Abbott, who has researched the Somerton Man for more than two decades, met his current wife, Rachel Egan, through the case. Learning that Thomson had died in 2007 and Robin in 2009, he set out to find Robin’s living descendants. Egan was Robin’s granddaughter. She’d been adopted as a child and grew up in New Zealand, unaware of her potential links to the cold case. A day after meeting each other, Abbott and Egan decided to wed.

“People have said that possibly Derek married me for my DNA,” Egan joked to ABC in 2019. “And I think there is some truth to that.”

Authorities in Adelaide exhumed the Somerton Man’s body last May and are currently conducting genetic testing on the remains. (The DNA studied by Abbott and Fitzpatrick came from the Somerton Man’s death mask, not his body, and was analyzed as part of a separate, parallel investigation.) Officials declined to comment on the new findings, instead telling CNN they would respond “when results from the testing are received.”

Contrary to Abbott’s initial suspicions, the new DNA survey showed no genetic ties between Egan and Webb, definitively proving that Robin was not Webb’s son.

“Whether there was some social connection to Robin’s mother is still on the table for investigation,” Abbott tells ABC, “but may be one of those things we’ll never know now.”

Beyond the DNA results linking the Somerton Man to Webb, Abbott and Fitzpatrick found ample archival evidence supporting the identification.

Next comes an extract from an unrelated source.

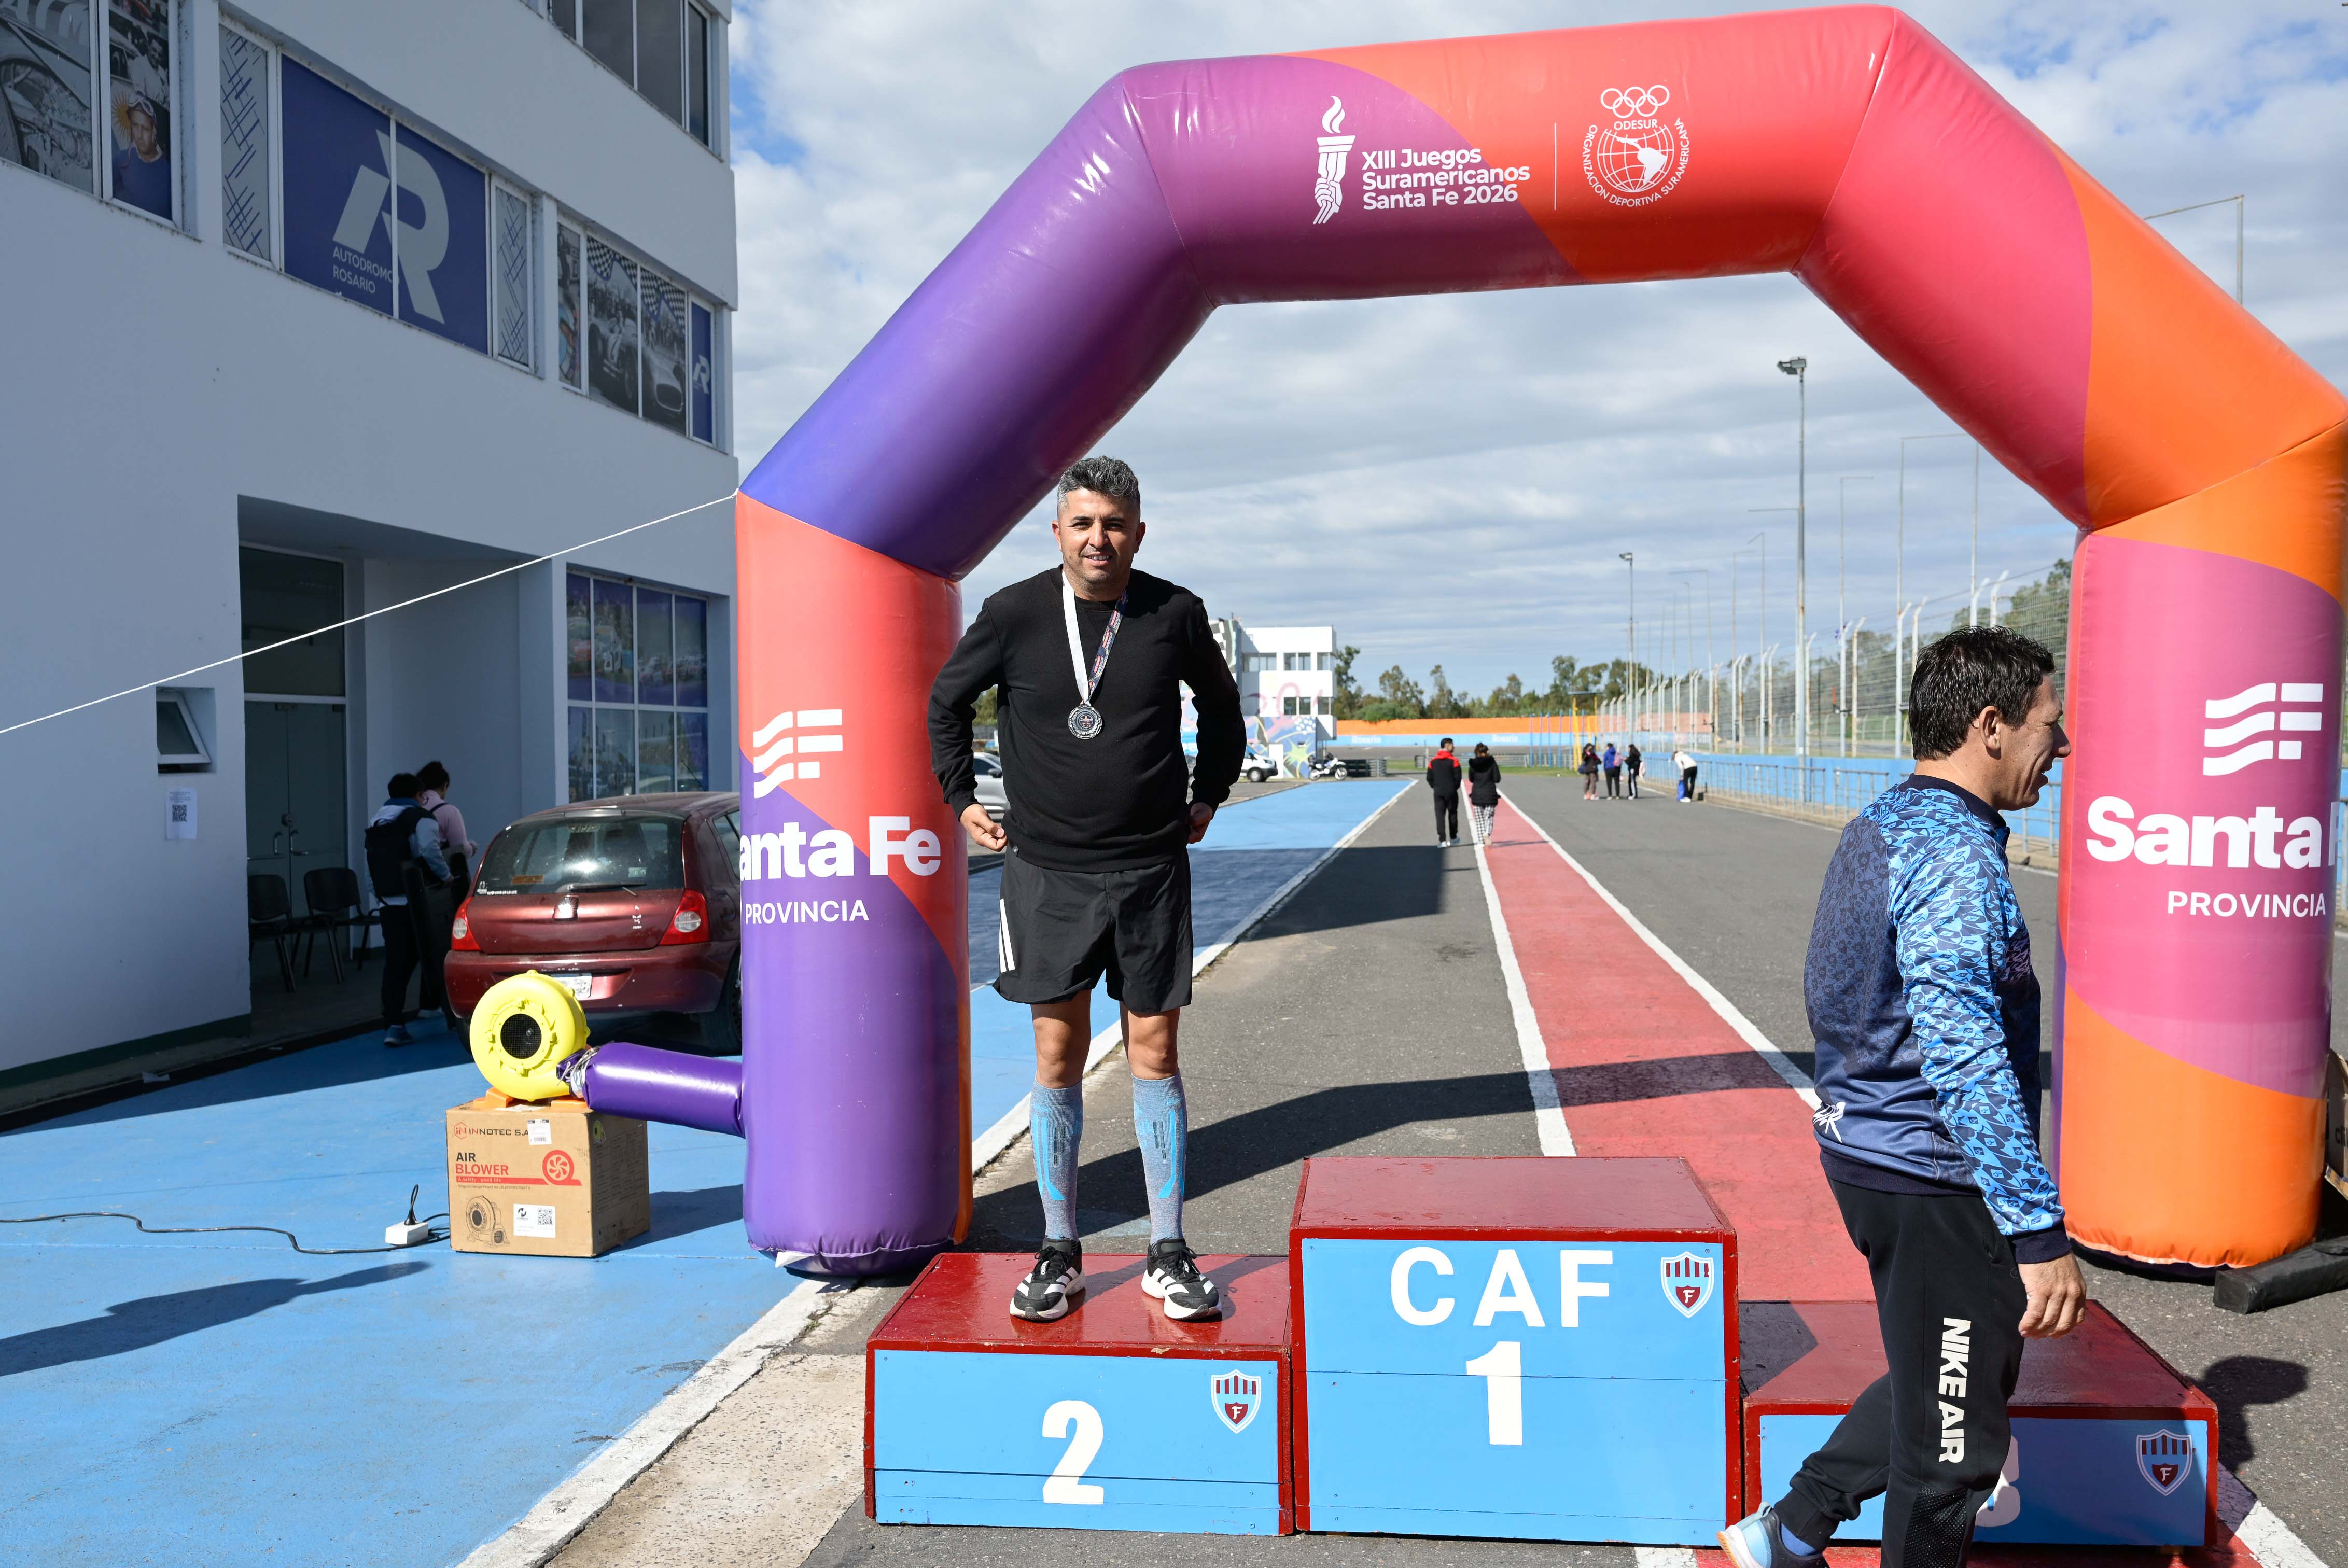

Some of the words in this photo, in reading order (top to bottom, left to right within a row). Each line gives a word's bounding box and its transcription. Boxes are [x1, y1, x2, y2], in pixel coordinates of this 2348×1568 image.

Born in Footscray, a suburb of Melbourne, on November 16, 1905, Webb was the sixth child of a German-born man and an Australian woman, writes ABC’s Rebecca Opie. In October 1941, he married Dorothy Jean Robertson, who is listed on the couple’s marriage certificate as a 21-year-old foot specialist. Webb was then a 35-year-old instrument maker.

The last mention of Webb in the historical record dates to April 1947, when he left his wife. In October 1951, three years after the Somerton Man’s death, Dorothy placed a notice in the Age newspaper stating that she had begun divorce proceedings against Webb on the grounds of desertion. By then, Dorothy had moved from Melbourne to Bute, a town 89 miles northeast of Adelaide.

“It’s possible that [Webb] came to this state to try and find her,” Abbott tells CNN. “This is just us drawing the dots. We can't say for certain say that this is the reason he came, but it seems logical.”

Records showed that Webb enjoyed reading and writing poetry, as well as betting on horse races. He had a sister who lived in Melbourne and was married to a man named Thomas Keane—likely the T. Keane whose name appears on the clothing in the Somerton Man’s suitcase. (As for the American origins of the attire, Abbott speculates that Keane bought the clothing second-hand from a G.I. stationed in Australia.)

Abbott and Fitzpatrick have been unable to locate a photograph of Webb, but ABC’s Opie reports that an image of Webb’s brother Roy, who died as a prisoner of war in Malaya during World War II, bears a “striking resemblance” to the Somerton Man.

Plenty of questions surrounding the case remain: Why did Webb come to Somerton Beach? What was his cause of death? Did he die by suicide? Was he murdered? What, if anything, was his connection to Thomson? The researchers hope to address these mysteries and more through archival and genetic research.

“Some answers may come soon, some may take years, and some may never be answered,” Abbott tells ABC.

Reflecting on the identification, Carolyn Bilsborow, a filmmaker who directed a 2018 documentary about the Somerton Man, tells the Guardian:

We had all these grandiose ideas about him being Russian, American and European. I was convinced that he was from Europe—maybe a displaced person after the Second World War [who] was here alone. But to find out that he’s Australian, from Victoria, and that he died, and no one obviously noticed he was missing, or no one followed up with the police that he was missing—I find that particularly kind of tragic.